Dataset entries:
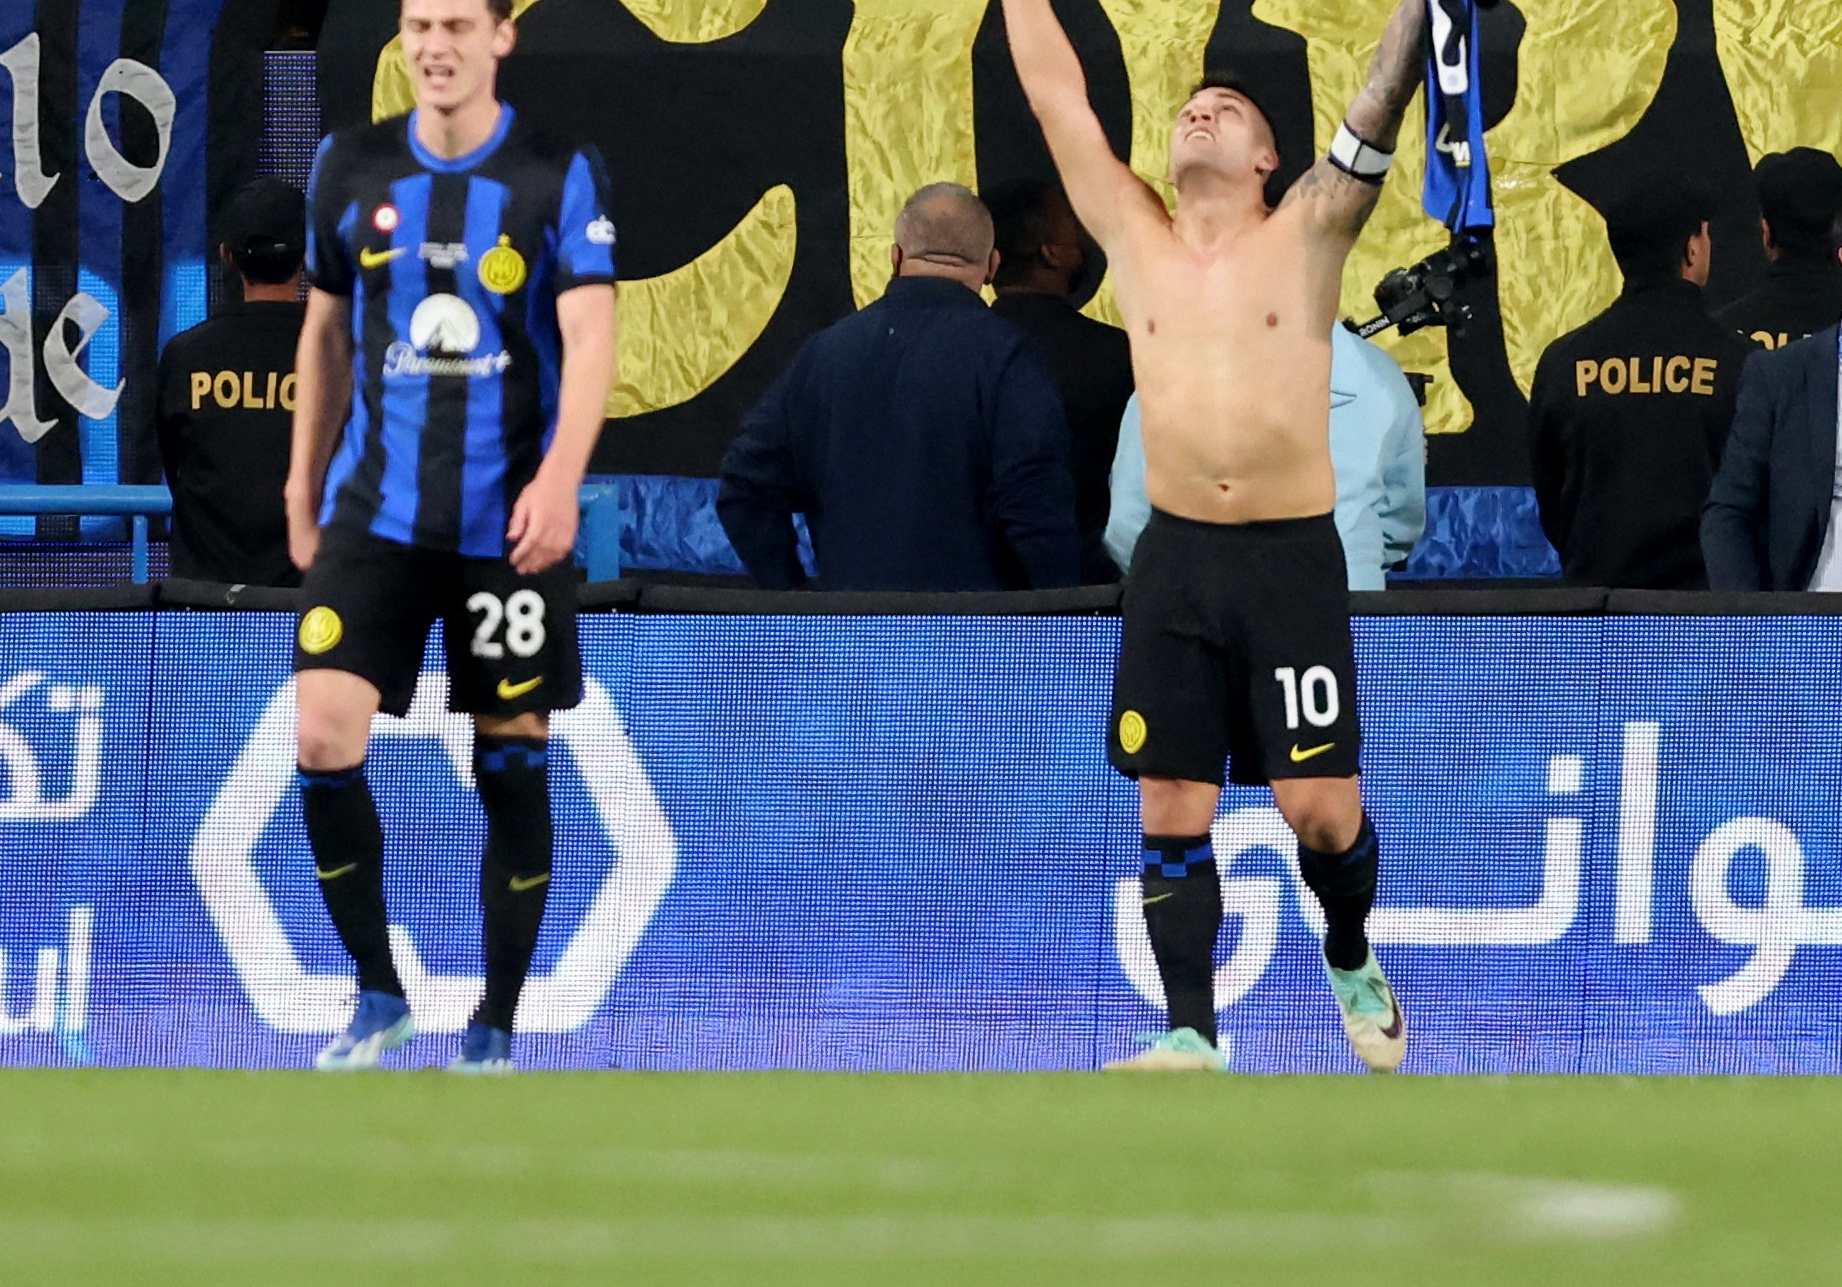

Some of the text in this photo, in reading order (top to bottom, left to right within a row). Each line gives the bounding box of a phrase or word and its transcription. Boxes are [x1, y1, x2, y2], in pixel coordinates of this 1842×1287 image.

[1357, 315, 1391, 337] RONIN
[190, 369, 298, 412] POLIC
[1574, 354, 1719, 396] POLICE
[465, 589, 547, 659] 28
[1273, 664, 1341, 730] 10
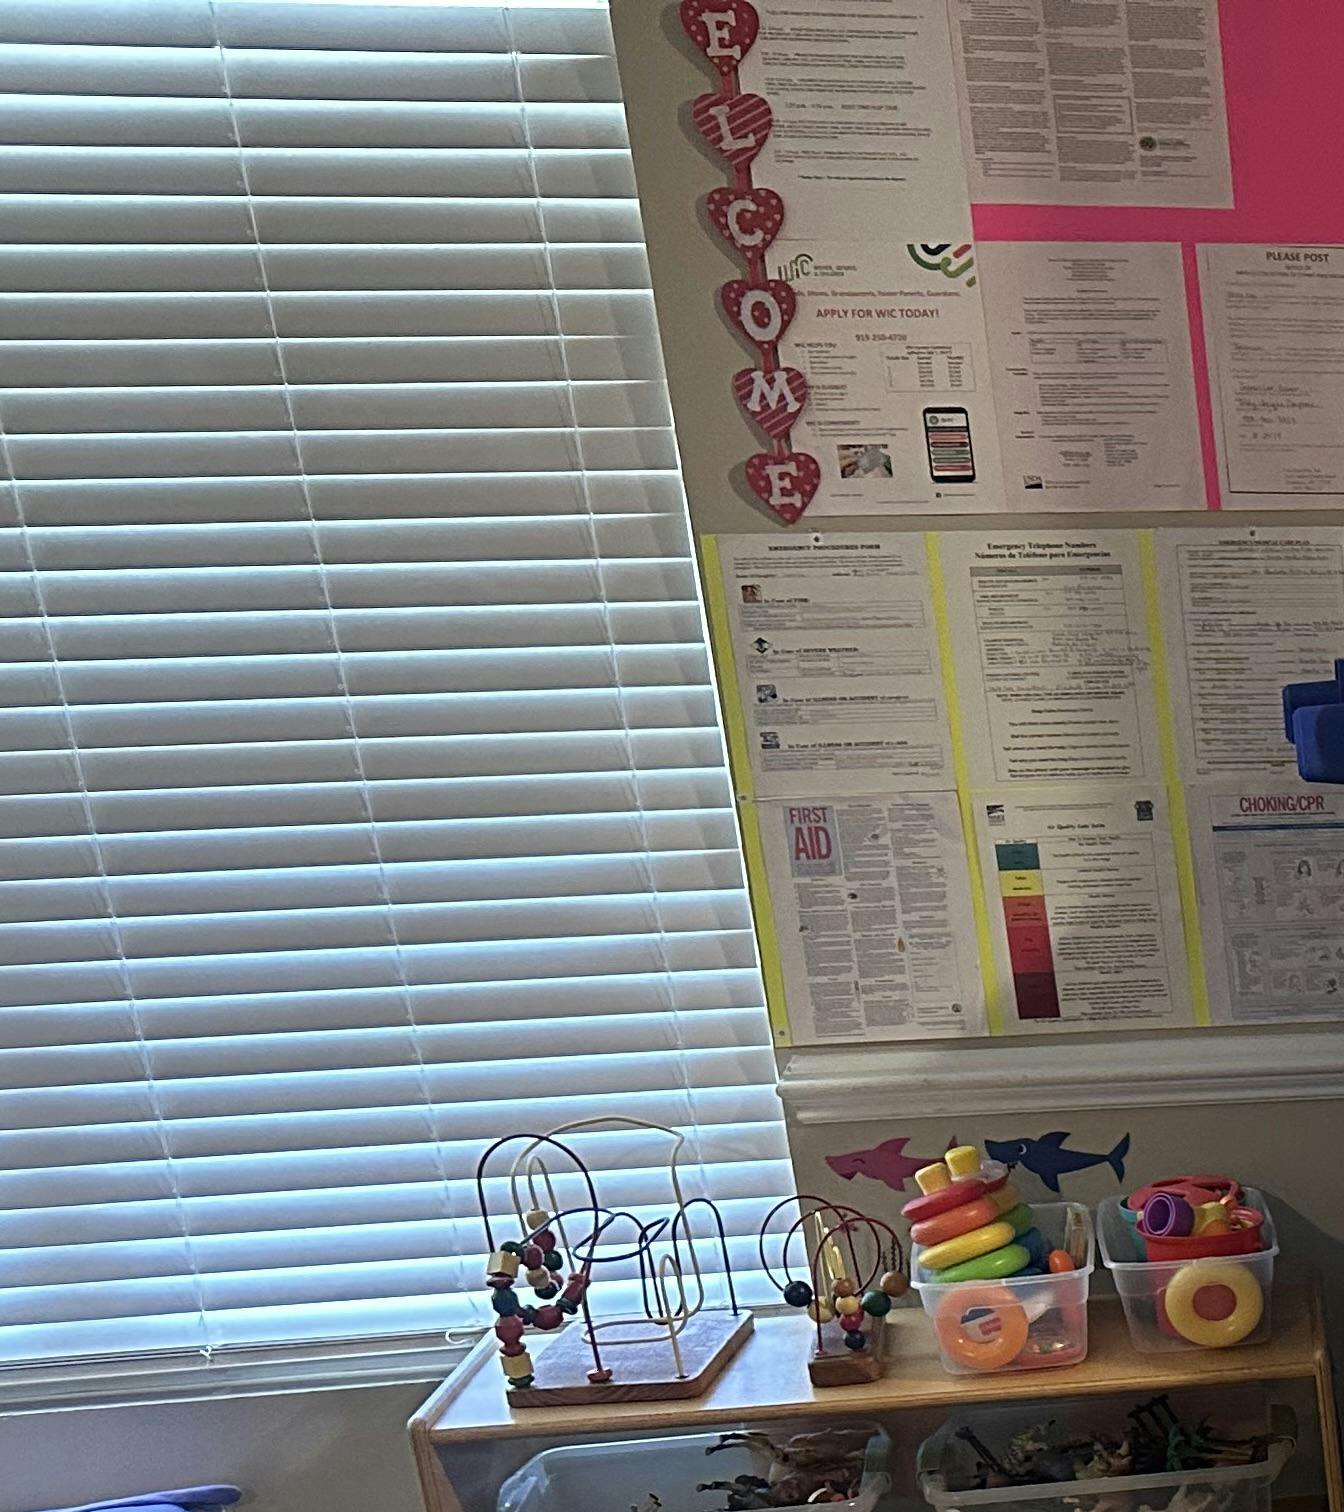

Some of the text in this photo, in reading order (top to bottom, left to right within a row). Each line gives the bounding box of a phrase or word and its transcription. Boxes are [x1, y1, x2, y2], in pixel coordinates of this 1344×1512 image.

[1266, 252, 1329, 263] PLEASE POST
[816, 309, 939, 318] APPLY FOR WIC TODAY!
[987, 543, 1026, 551] Emergency
[1240, 795, 1325, 813] CHOKING/CPR
[789, 808, 827, 824] FIRST
[794, 826, 832, 861] AID
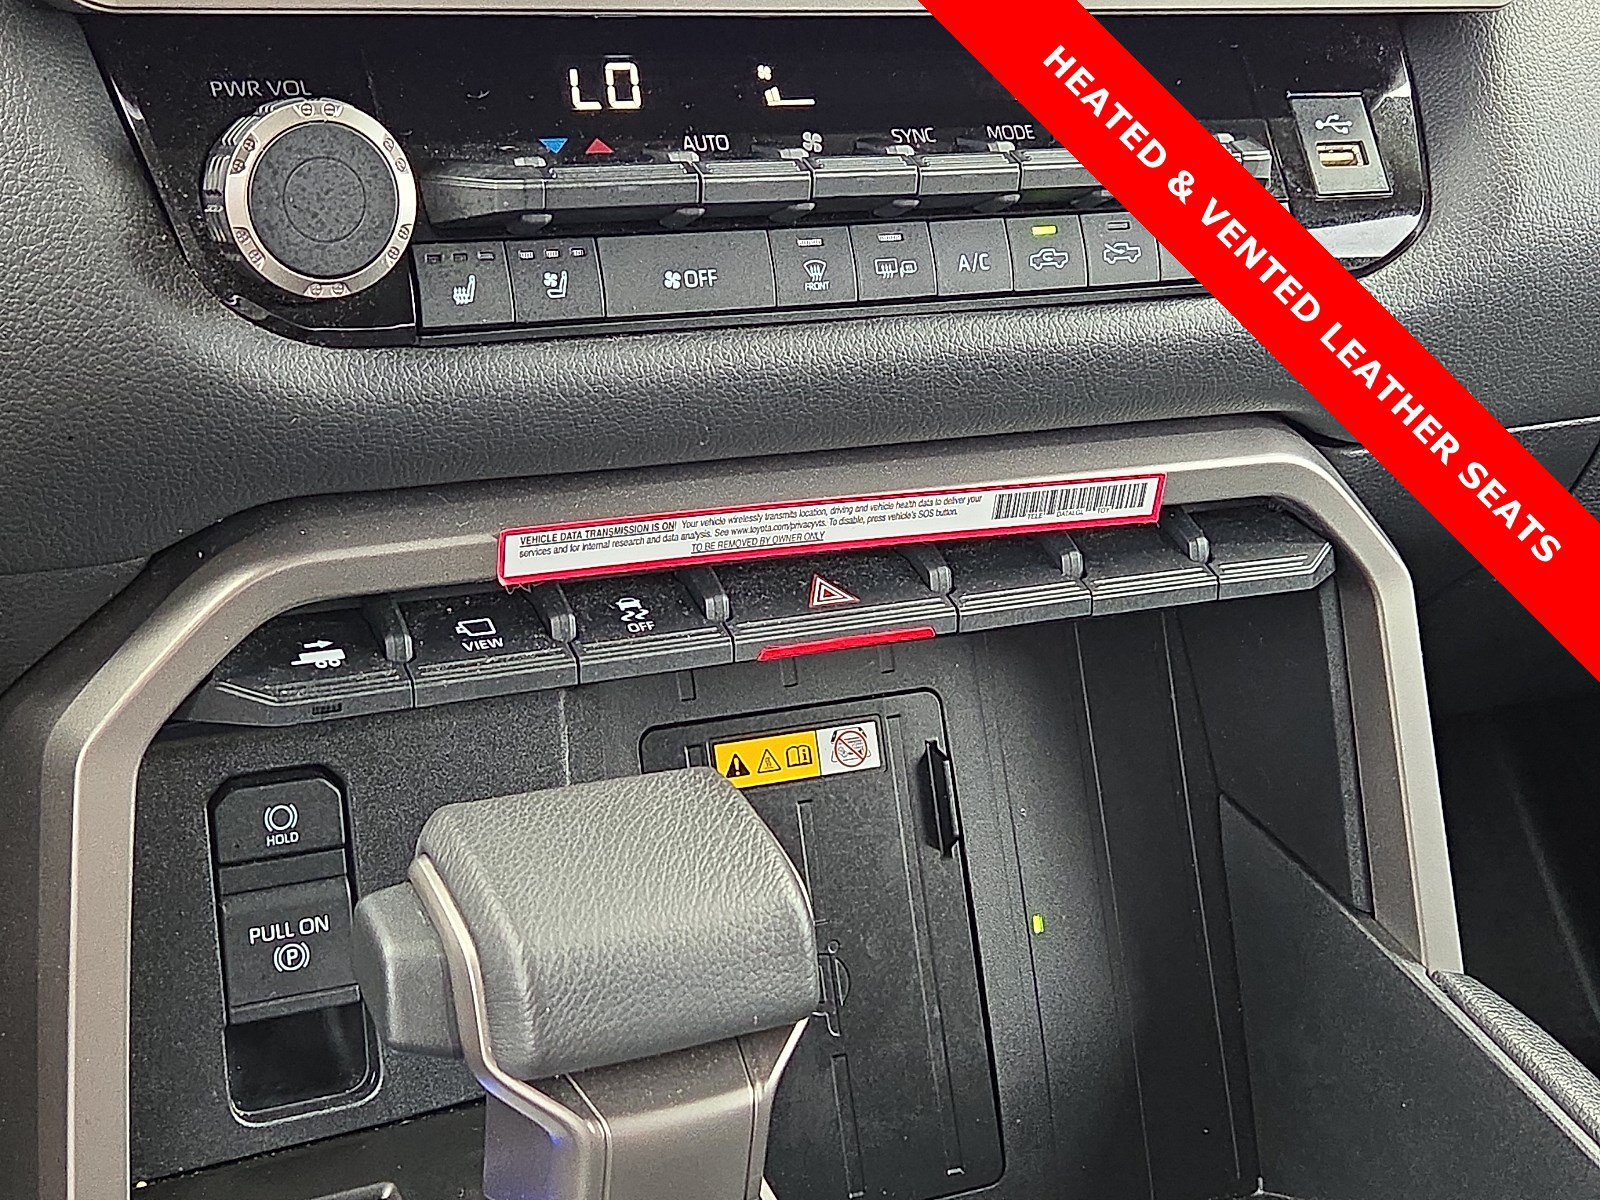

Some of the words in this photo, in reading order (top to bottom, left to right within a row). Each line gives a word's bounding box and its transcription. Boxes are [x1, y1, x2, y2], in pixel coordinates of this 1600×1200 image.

[209, 80, 262, 98] PWR
[266, 79, 312, 97] VOL
[890, 127, 938, 145] SYNC
[986, 124, 1035, 141] MODE
[683, 134, 730, 152] AUTO
[958, 252, 991, 273] A/C
[683, 268, 718, 288] OFF
[804, 280, 831, 291] FRONT
[520, 532, 558, 545] VEHICLE
[560, 529, 583, 541] DATA
[585, 523, 650, 539] TRANSMISSION
[651, 522, 660, 532] IS
[681, 518, 699, 530] Your
[700, 516, 726, 528] vehicle
[728, 512, 764, 526] wirelessly
[765, 509, 798, 521] transmits
[798, 506, 828, 519] location,
[830, 502, 854, 516] driving
[855, 502, 868, 512] and
[870, 500, 895, 512] vehicle
[896, 498, 917, 509] health
[918, 498, 934, 508] data
[943, 495, 966, 505] deliver
[966, 494, 982, 505] your
[519, 546, 551, 559] services
[553, 544, 568, 555] and
[569, 542, 580, 552] for
[611, 536, 645, 549] research
[646, 534, 661, 544] and
[662, 532, 679, 543] data
[714, 527, 729, 538] See
[829, 516, 838, 527] To
[866, 512, 887, 525] press
[887, 508, 918, 522] vehicle's
[918, 508, 935, 518] SOS
[691, 542, 702, 554] TO
[704, 539, 716, 550] BE
[717, 536, 758, 550] REMOVED
[760, 535, 771, 546] BY
[772, 532, 803, 545] OWNER
[803, 530, 826, 542] ONLY
[627, 620, 657, 633] OFF
[461, 637, 504, 652] VIEW
[266, 831, 299, 847] HOLD
[249, 921, 295, 945] PULL
[299, 914, 330, 936] ON
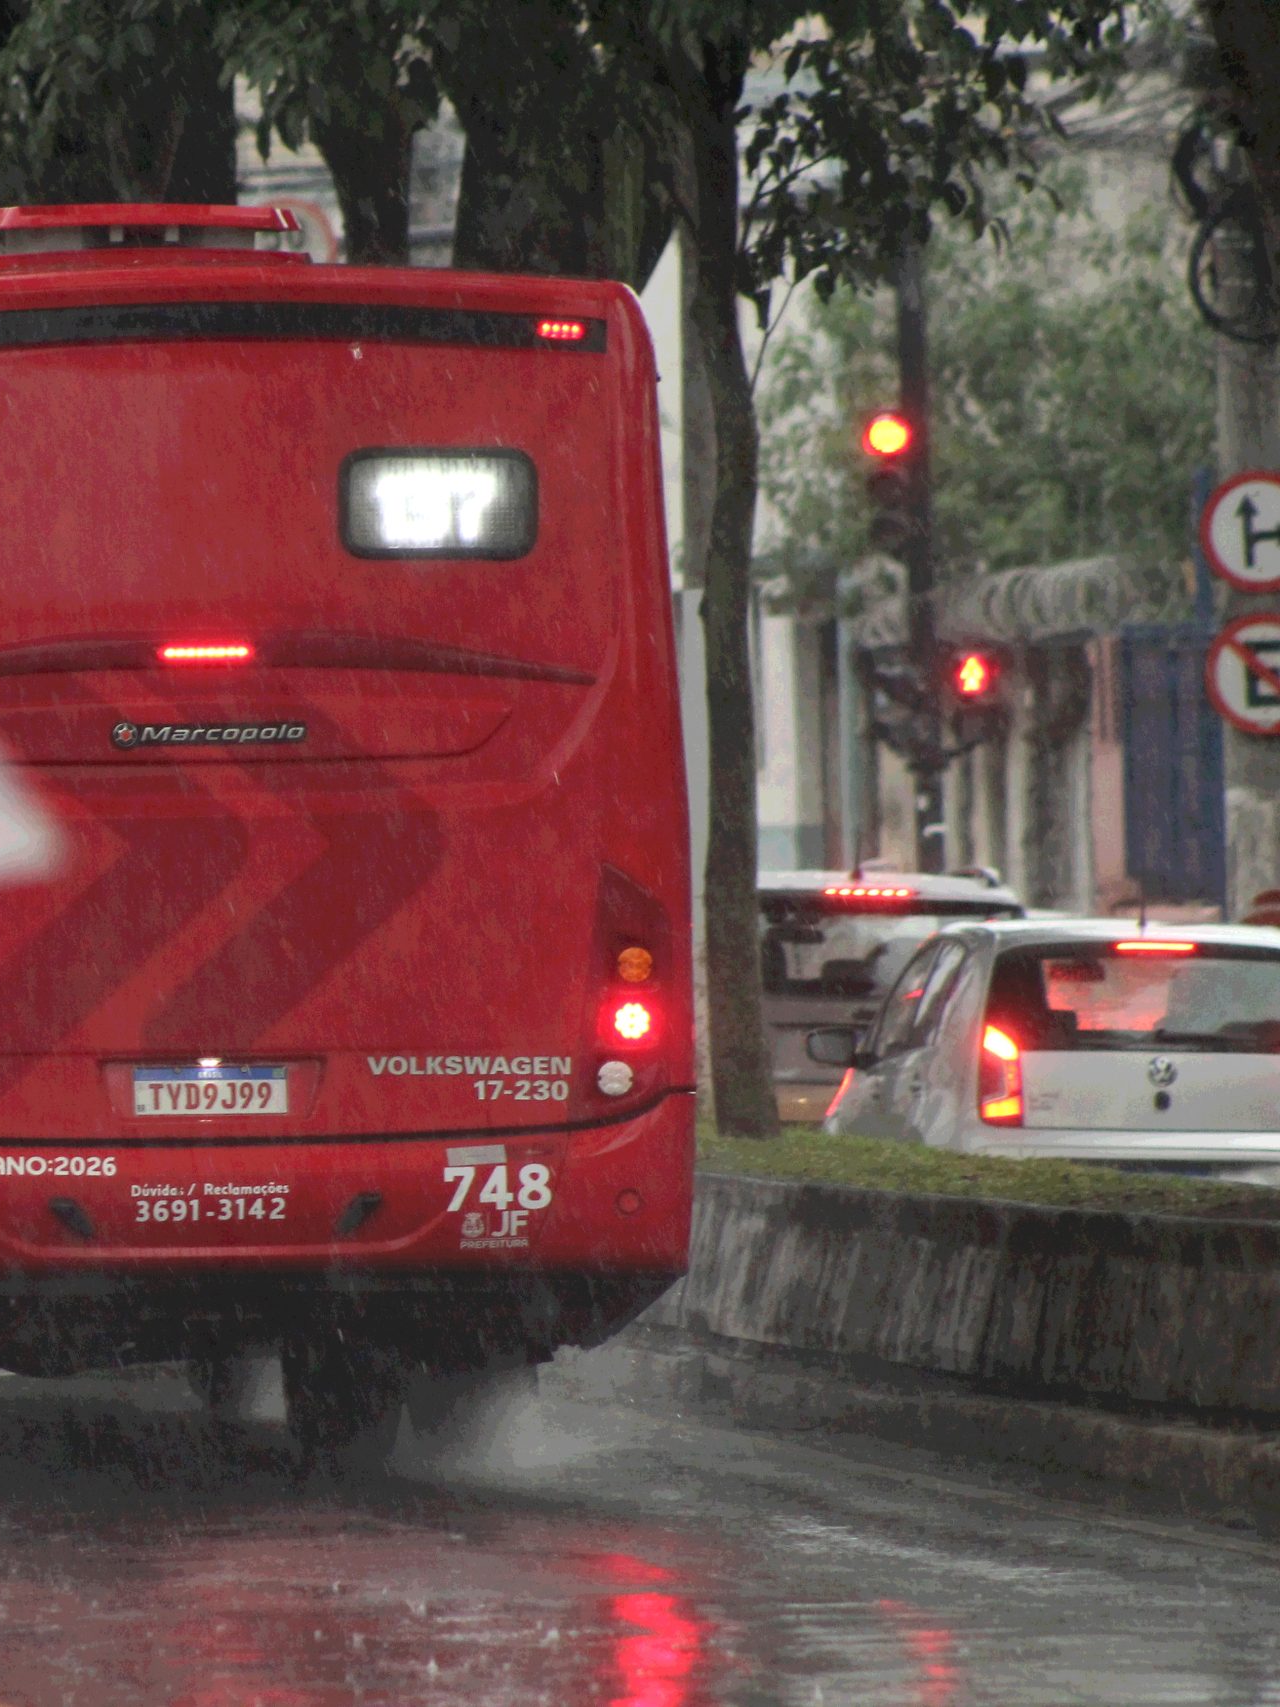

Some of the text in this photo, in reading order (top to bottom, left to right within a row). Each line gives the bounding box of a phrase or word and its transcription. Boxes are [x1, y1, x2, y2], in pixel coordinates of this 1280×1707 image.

[141, 723, 305, 743] Marcopolo
[367, 1056, 572, 1075] VOLKSWAGEN
[149, 1082, 273, 1111] TYD9J99
[473, 1080, 569, 1100] 17-230
[204, 1182, 289, 1196] Reclamações
[443, 1163, 552, 1212] 748
[135, 1197, 286, 1222] 3691-3142
[491, 1210, 529, 1237] JF
[460, 1239, 529, 1249] PREFEITURA

EXERCISE DESCRIPTION
Repeat the lines above, from the one containing "this 1280×1707 image." to the final line, word for word and with nothing else.

TASK RESULT
Some of the text in this photo, in reading order (top to bottom, left to right within a row). Each line gives the bounding box of a phrase or word and its transcription. Boxes are [x1, y1, x2, y2], in pixel coordinates of this 1280×1707 image.

[141, 723, 305, 743] Marcopolo
[367, 1056, 572, 1075] VOLKSWAGEN
[149, 1082, 273, 1111] TYD9J99
[473, 1080, 569, 1100] 17-230
[204, 1182, 289, 1196] Reclamações
[443, 1163, 552, 1212] 748
[135, 1197, 286, 1222] 3691-3142
[491, 1210, 529, 1237] JF
[460, 1239, 529, 1249] PREFEITURA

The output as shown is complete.